In a pair of related studies, researchers have identified and designed 12 molecular “warheads” that have the ability to detect cysteine sulfenic acid, a biomarker of cancer and other diseases.
These molecular warheads, or covalent inhibitors, are said contained in certain FDA-approved drugs, which researchers believe could be developed into more effective treatments. The studies, published in Chemical Science and Chemical Communication, involve nucleophiles that share electrons with electrophiles, creating a covalent bond.
Electrophiles are able to be used to probe levels of cysteine sulfenic acid, a marker for cancer and other diseases, and can be made into covalent modifiers in drugs that target cells with high levels of sulfenic acid, according to the study.
Electrophiles compete with high concentrations of off-target nucleophiles like glutathione, and they also target the protein in both healthy and diseased cells.
"To counteract this effect, our complementary approach would use nucleophile 'warheads' attached to a binding scaffold that would target sulfenic acid on therapeutically important proteins in unhealthy cells under oxidative stress," said lead researcher Kate Carroll, PhD.
In the current study, researchers were able to identify some nucleophiles that have 200 times the current standard for sulfenic acid probes.

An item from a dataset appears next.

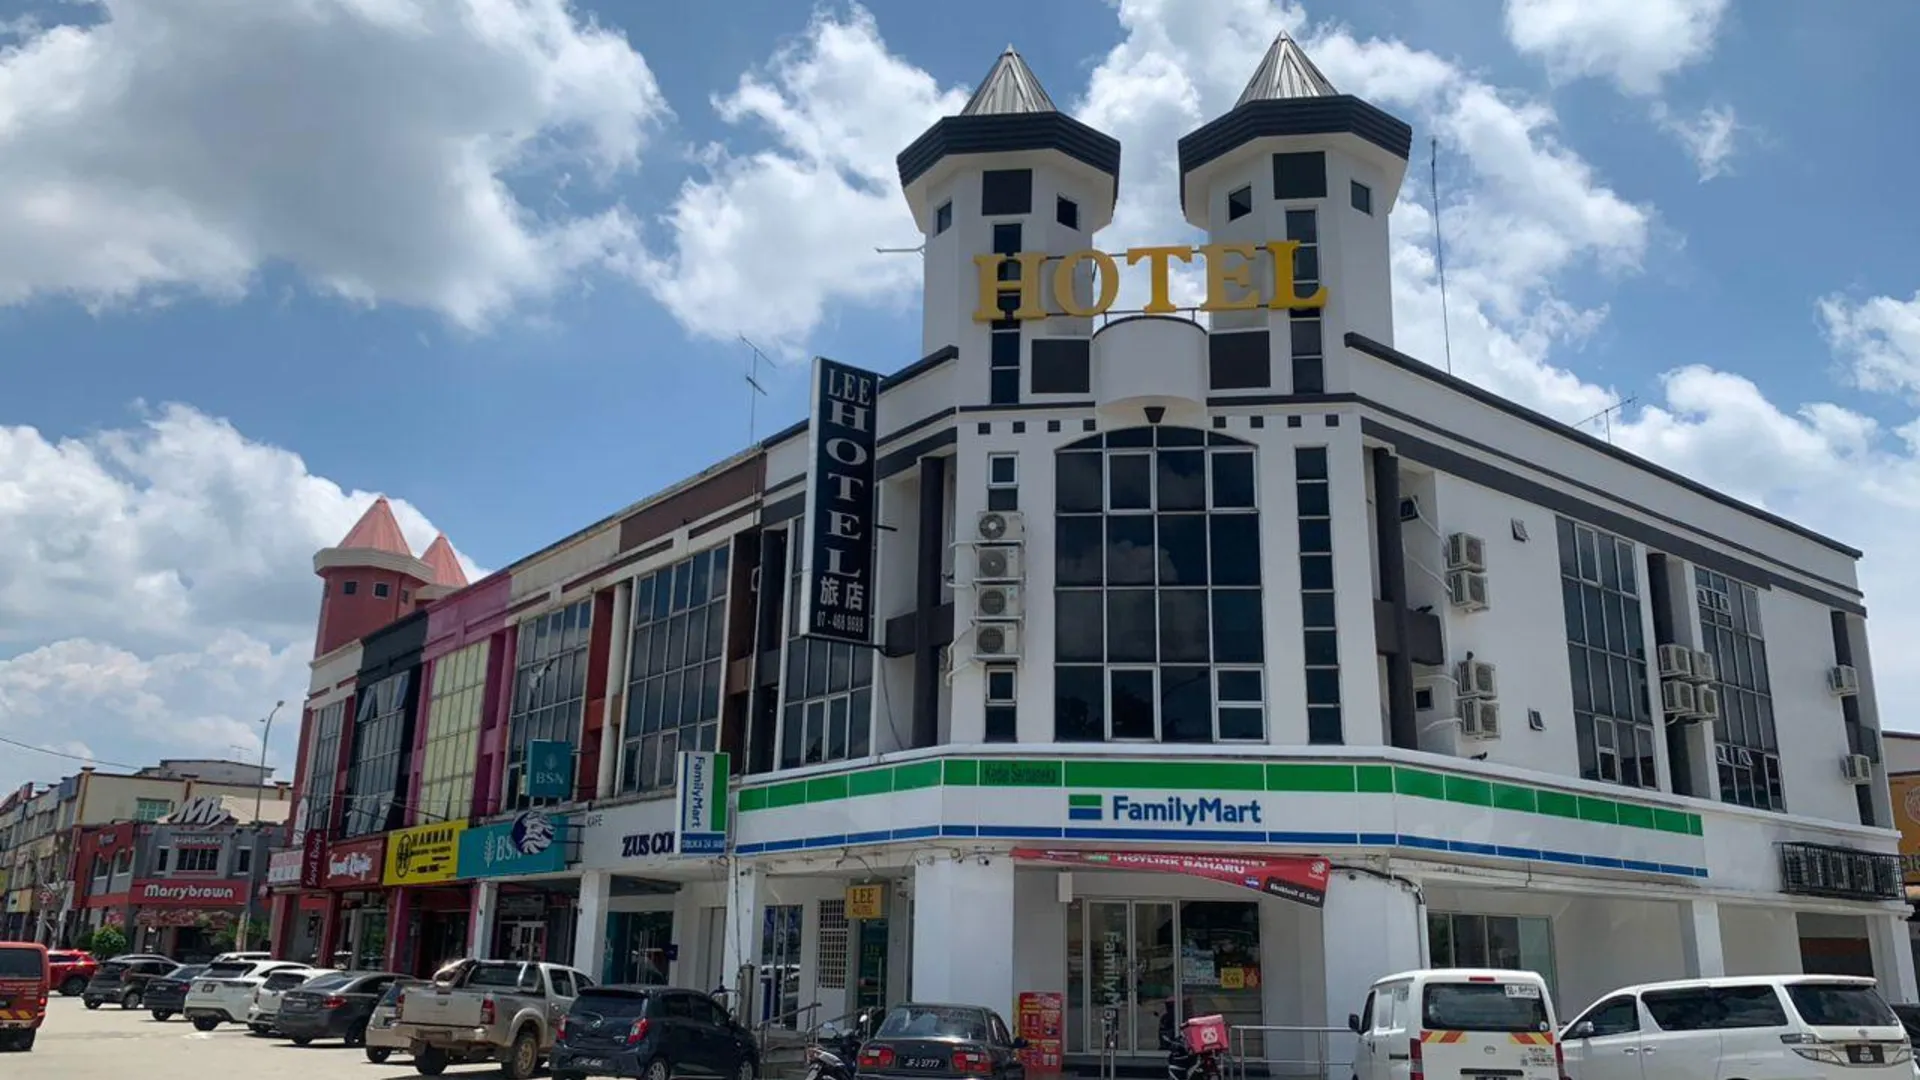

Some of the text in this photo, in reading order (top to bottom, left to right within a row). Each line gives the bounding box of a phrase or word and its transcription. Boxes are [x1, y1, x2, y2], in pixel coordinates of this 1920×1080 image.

"We now have about 150 of these 'warheads' in our library," Dr Carroll said.
This team of researchers also examined unidentified nucleophilic function groups likes ones within tofacitinib (Xeljanz).
"The nucleophiles we identified in this study represent the first covalent strategy to target sulfenic acid that should be highly enabling for the drug discovery community," said researcher Vinayak Gupta, PhD. "Moreover, our findings that tofacitinib reacts robustly with sulfenic acid shows that 'warheads' or other functional groups in these drugs may indeed have new or alternative mechanisms of action."
Researchers believe their findings could be used to create new therapies, and have found nucleophiles are very common.
"Tofacitinib may have multiple modes of action that include a nucleophile targeting cysteine sulfenic acid in the active site of JAK kinases,” Dr Carroll concluded. “If the nucleophile contributes positively to therapeutic outcome, it might be possible to optimize that chemical property and make the drug more effective."